The legal aid attorneys and public defenders in New York who’ve filed an amicus brief with the Supreme Court in support of the challenge to the state’s restrictive and subjective concealed carry permitting system have left many gun control-supporting progressives scrambling to address the brief and its arguments; New York’s licensing system was implemented more than 100 years ago in an attempt to deny black Americans and immigrants the ability to lawfully carry a firearm in self-defense, that the statute is still leading to racially disparate results today, and that the law itself does more harm than good by saddling defendants with a “violent felony” conviction for merely possessing a firearm without a license.
Over at Slate, writer Mark Joseph Stern has quizzed author Carol Anderson about her views on the new brief. Anderson’s recent book “The Second” is based on the theory that the Second Amendment itself has its origins in racism, so what does she think about the defense attorneys’ argument that New York’s gun control laws are causing irreparable harm to black residents?
Mark Joseph Stern: What was your reaction to the public defenders’ brief?

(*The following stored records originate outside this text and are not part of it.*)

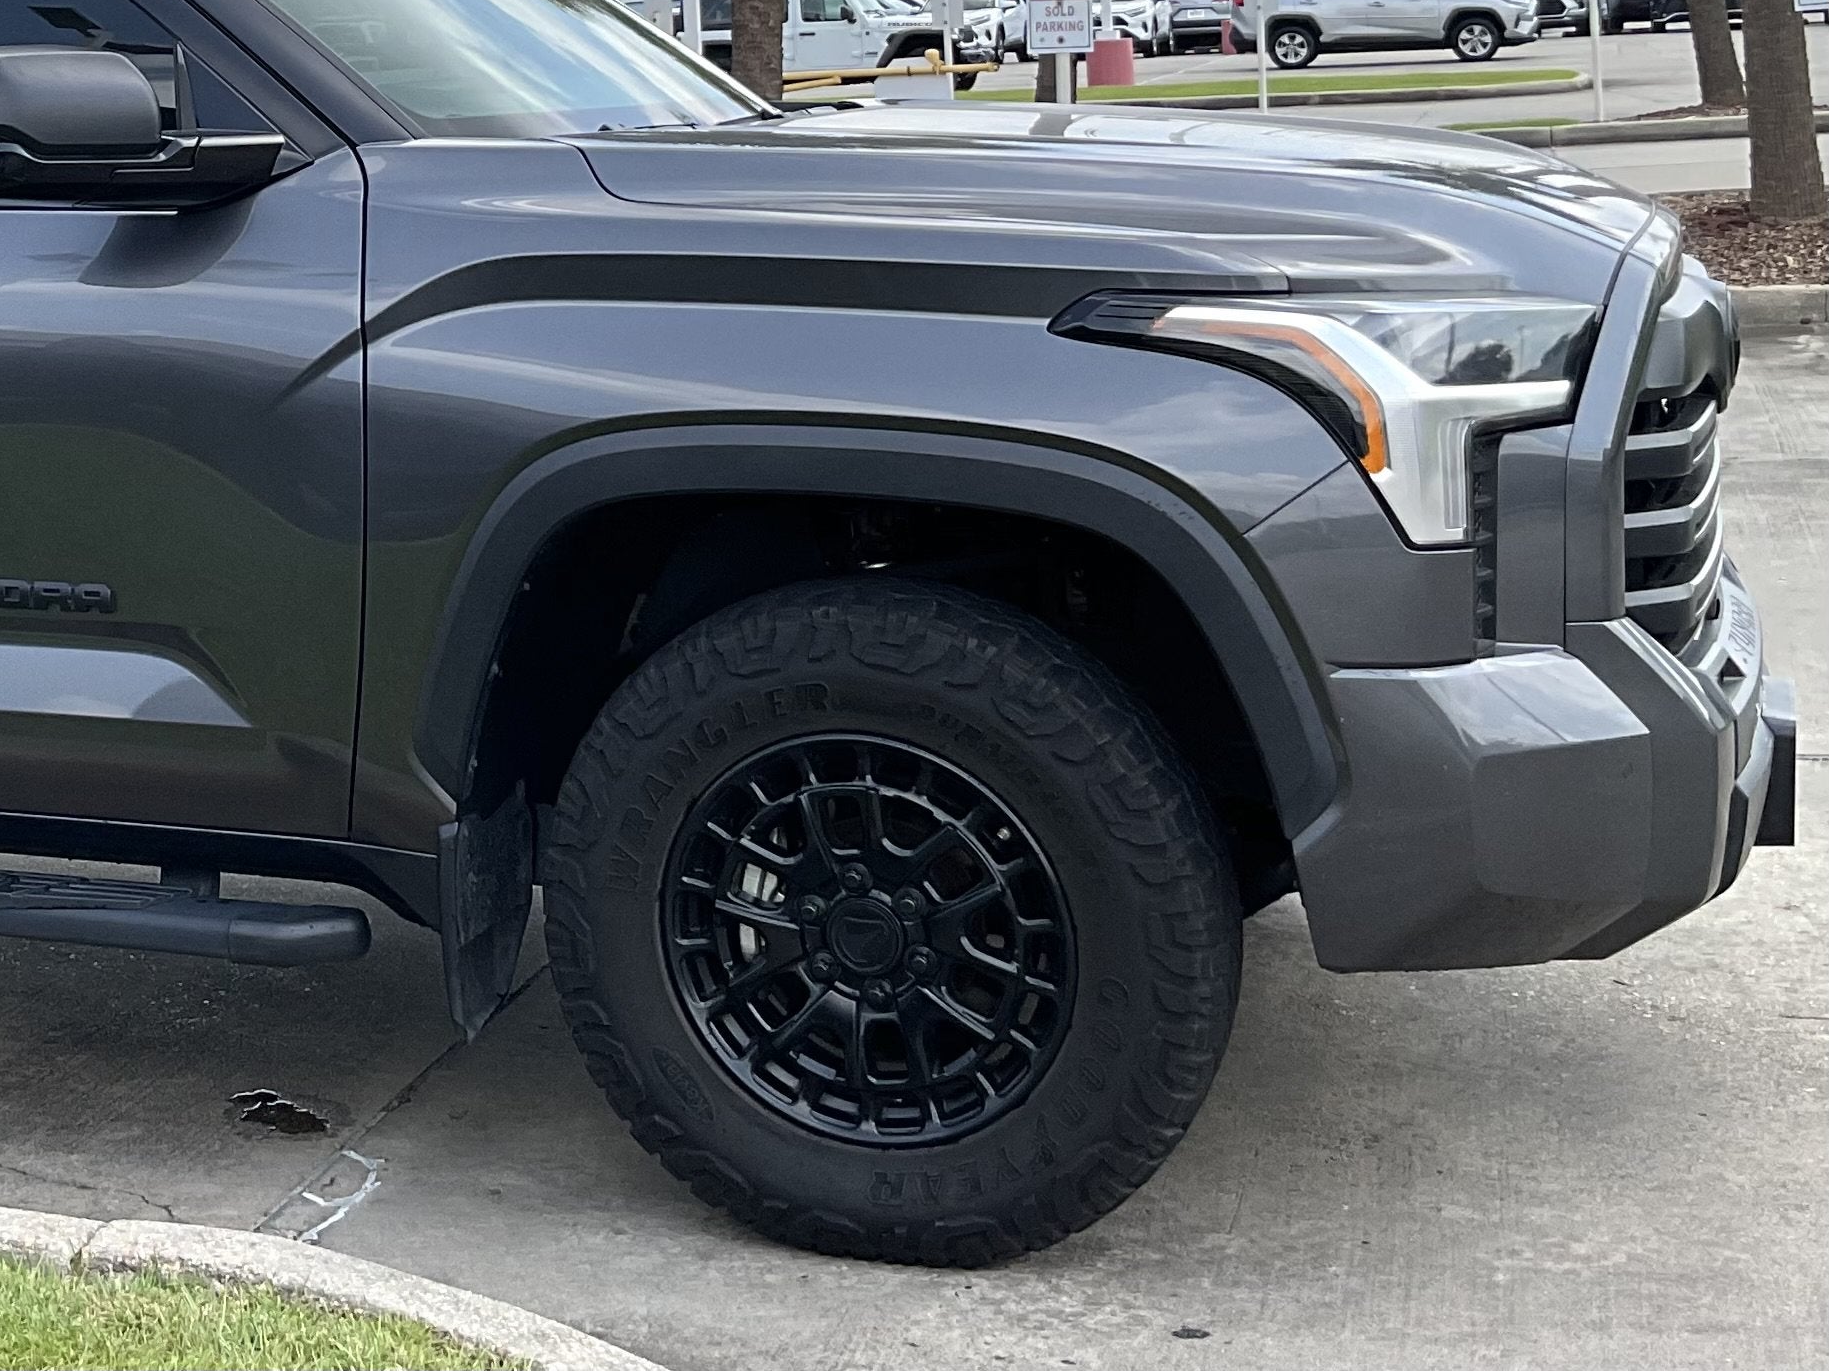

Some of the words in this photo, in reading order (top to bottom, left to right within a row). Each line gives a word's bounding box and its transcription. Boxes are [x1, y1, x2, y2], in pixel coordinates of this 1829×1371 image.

[1035, 21, 1084, 32] PARKING
[1045, 6, 1075, 17] SOLD
[604, 682, 833, 893] WRANGLER
[866, 976, 1130, 1206] GOODYEAR
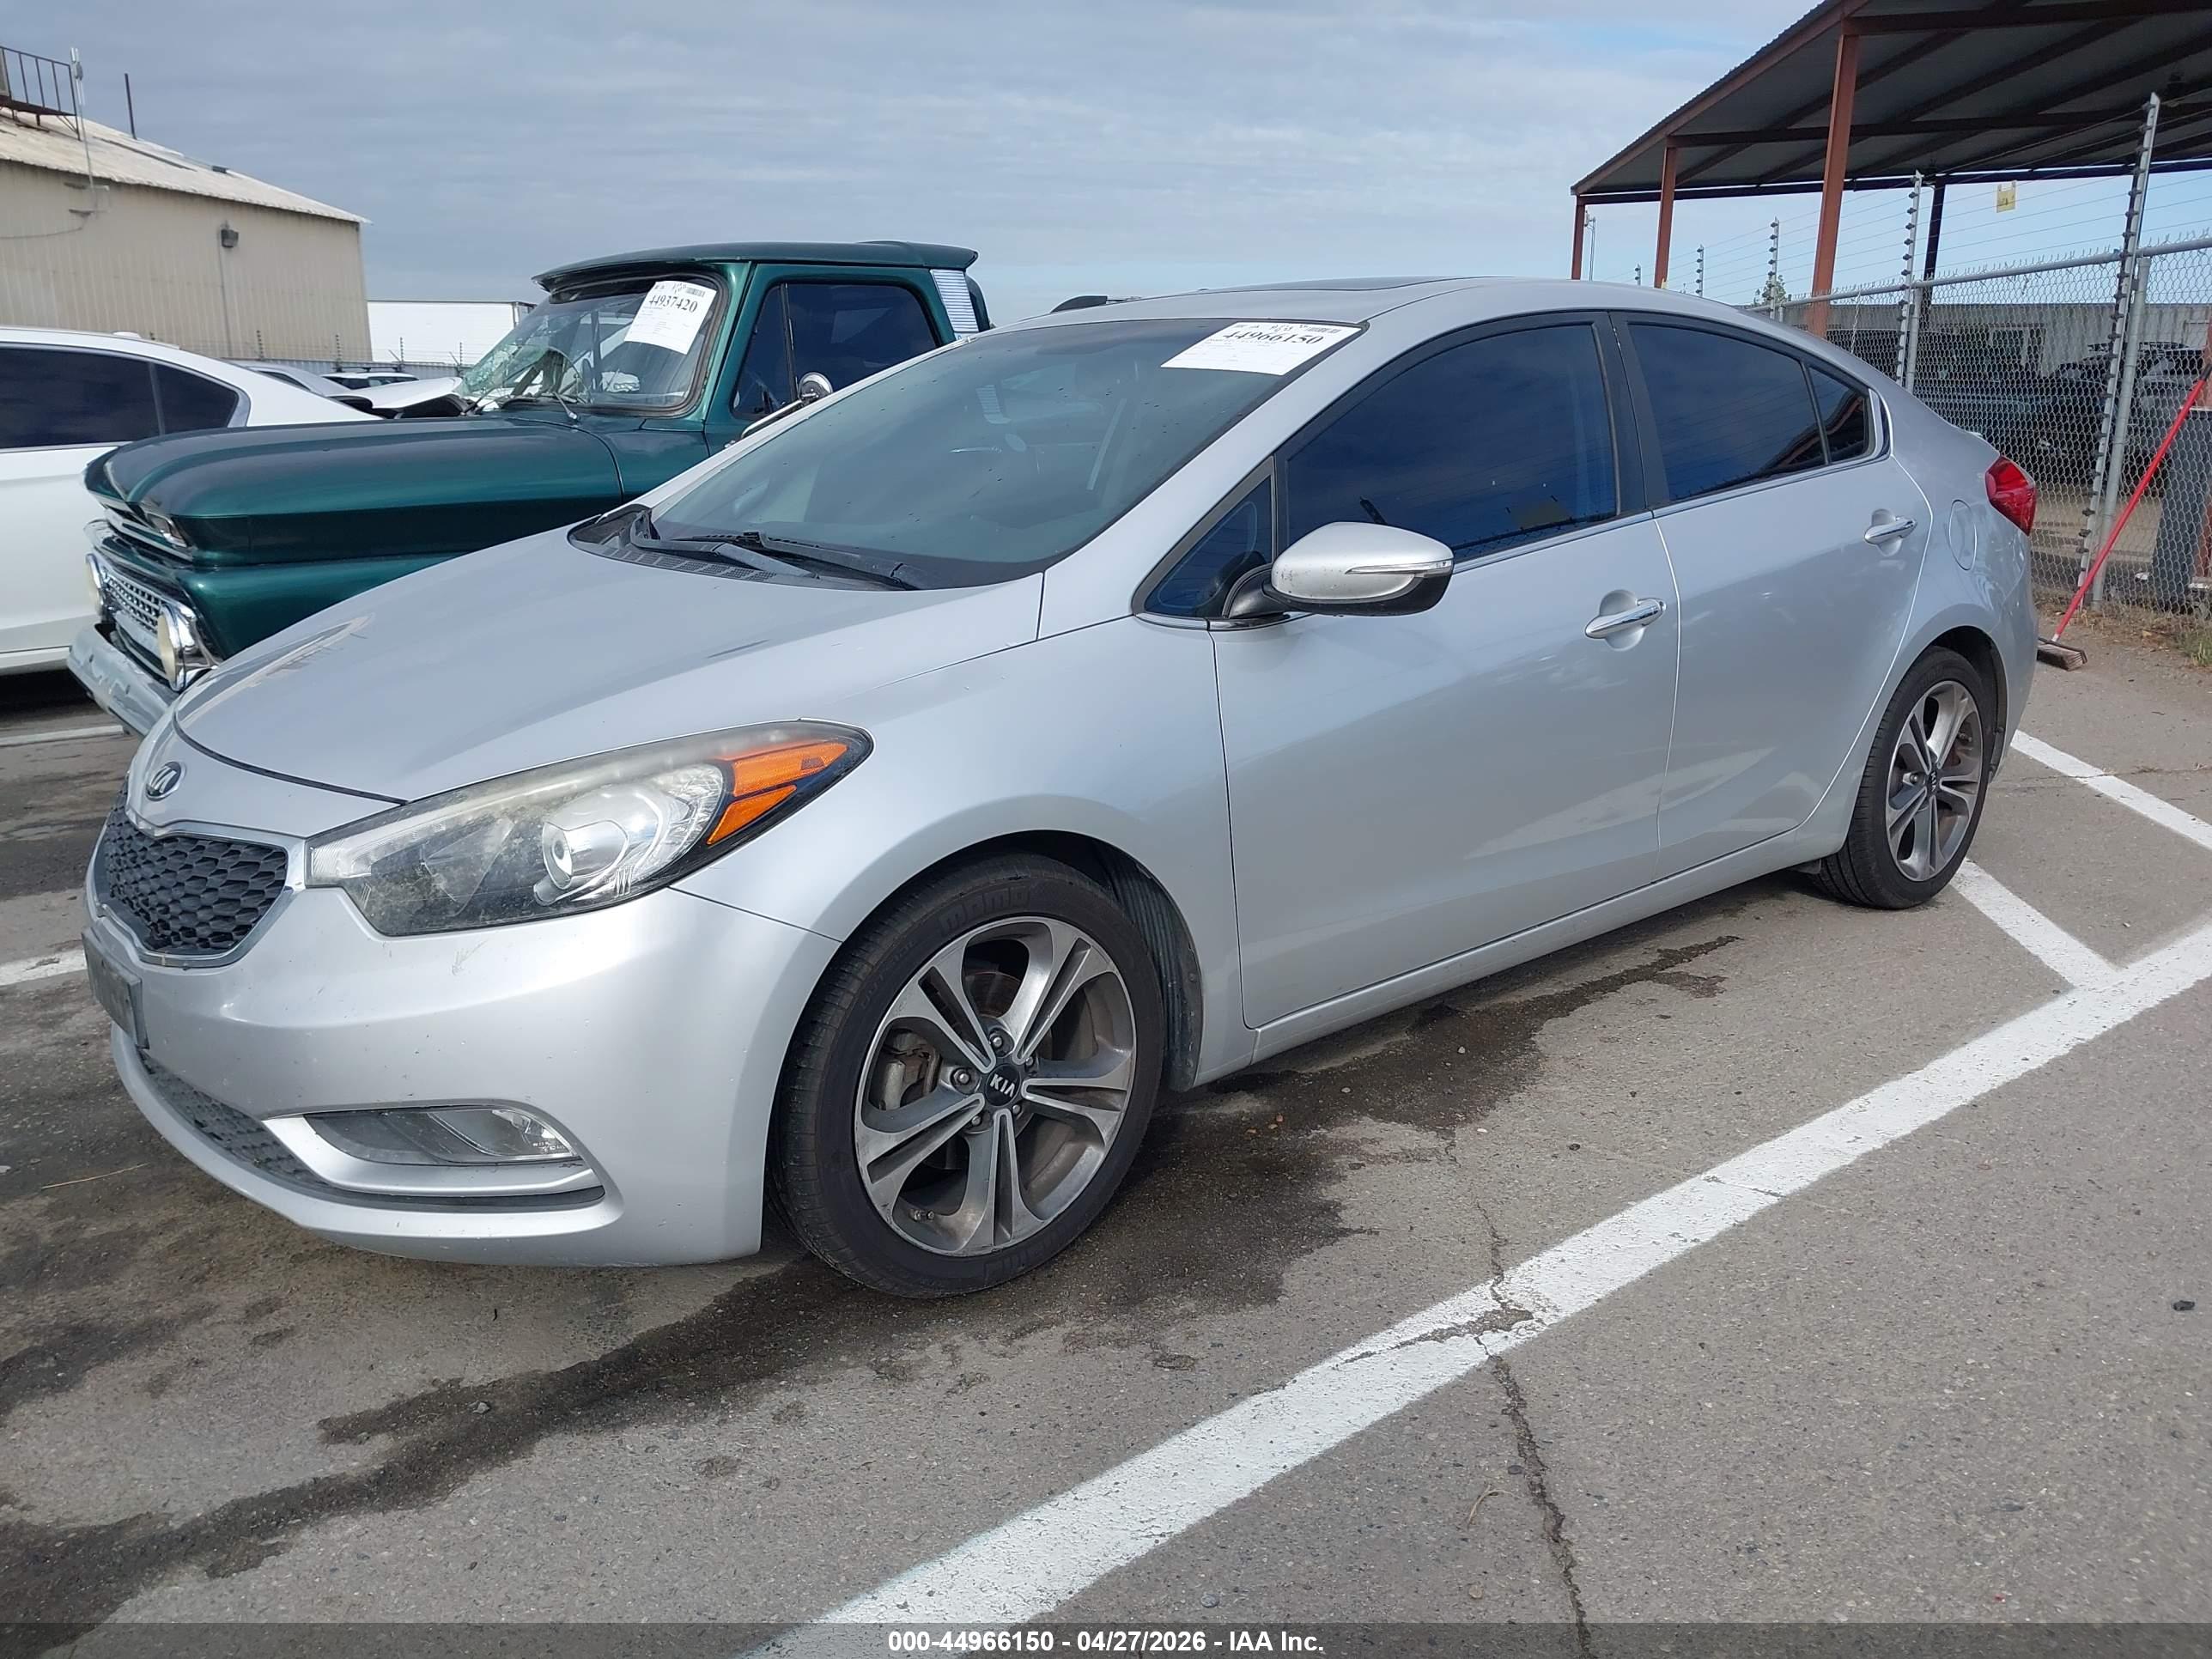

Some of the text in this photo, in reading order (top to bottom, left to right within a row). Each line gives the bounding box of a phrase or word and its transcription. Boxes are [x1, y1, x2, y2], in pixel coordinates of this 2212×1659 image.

Carol Anderson: The amicus brief really speaks to the conundrum of anti-Blackness in American society. When Black people are defined as the default threat in American society—when you have this architecture of laws and of policing that comes into being to control that Black population—it means that Black people are vulnerable when they are armed, and vulnerable when they’re unarmed.
In Dying of Whiteness, Jonathan Metzl wrote about whites in Missouri who have suffered gun violence in the family talking about gun safety laws but say: “They are absolutely not going to take my gun. Those people from St. Louis will come down here and take everything we have and we will be left defenseless.” Even though, in their community, white folk were killing white folks, they didn’t say: “I’ve got to keep my gun because I’m in this poor rural community where we kill each other.” There’s this innocence of whiteness that is also bedrock foundational in this society.
Now, that was a pretty good attempt at avoiding a straight answer, but Stern continued to press her to get more specific about her thoughts on the law and the public defenders’ brief, and I don’t think gun control activists are going to like where Anderson eventually landed.
If you were a judge assessing the constitutionality of this law, how would you rule?
The facts of this case—seeing the disparate, unconstitutional way that the law has been applied—frankly I would probably kick it back to New York to revise the statute.
So you would kick it back and say, “there’s a serious constitutional problem here and you need to fix it”?
Yes. A state does have a responsibility for providing safety. The way this law has been implemented doesn’t do that.
How would you advise that the statute be revised?
It would be, for instance, removing the automatic “cops get to waive their $400 licensing fee” and they get the “good character” clause. Particularly if we’ve had biases in the way that police have been hired into the department. The implementation of it is what has become so problematic.
Anderson is clearly no fan of the Second Amendment, or of gun ownership in general. She firmly subscribes to the belief that having a gun makes a person less safe, and if she could unilaterally repeal the right to keep and bear arms, I have no doubt she’d do so.
However, Anderson at least recognizes that New York’s gun control law violates the constitutional rights of residents, even if she’s not a fan of the constitutional right in question. That should terrify gun control activists whose ideology is based on the idea that the right to keep and bear arms isn’t a real right at all (and therefore, any and all restrictions on gun ownership fit squarely within the Constitution).
For over a year now, I’ve been pointing out the Left’s internal conflict between their support for more gun control laws and their objections to heavy-handed policing, but most Democrats have successfully managed to avoid addressing the inherent contradiction. The public defenders’ brief (and the New York carry case itself) is now forcing the Left to confront that conflict head on, and it’s clear that gun control activists don’t have any real answer for the arguments presented by the public defenders and legal aid lawyers. In fact, to the best of my knowledge gun control groups like Everytown for Gun Safety, Brady, and Giffords haven’t said anything about the brief even as left-leaning outlets like The Nation and Slate try to wrestle with the implications of the arguments it puts forth.
Regardless of how woke these groups try to present themselves, the fact remains that they’re advocating for policies that not only infringe on a civil right of all Americans, but end up having a disparate impact on racial minorities and those on the lower end of the socio-economic spectrum by turning them into “violent felons” for merely possessing a gun without a permit; a government-issued permission slip that, by the way, that the average resident of New York has little chance of obtaining. The gun control lobby has been running away from these facts for awhile now, but thanks to the amicus brief by these public defenders, anti-gun activists can no longer hide how their agenda is causing harm to the very people who most acutely want and need to exercise their Second Amendment right of armed self-defense.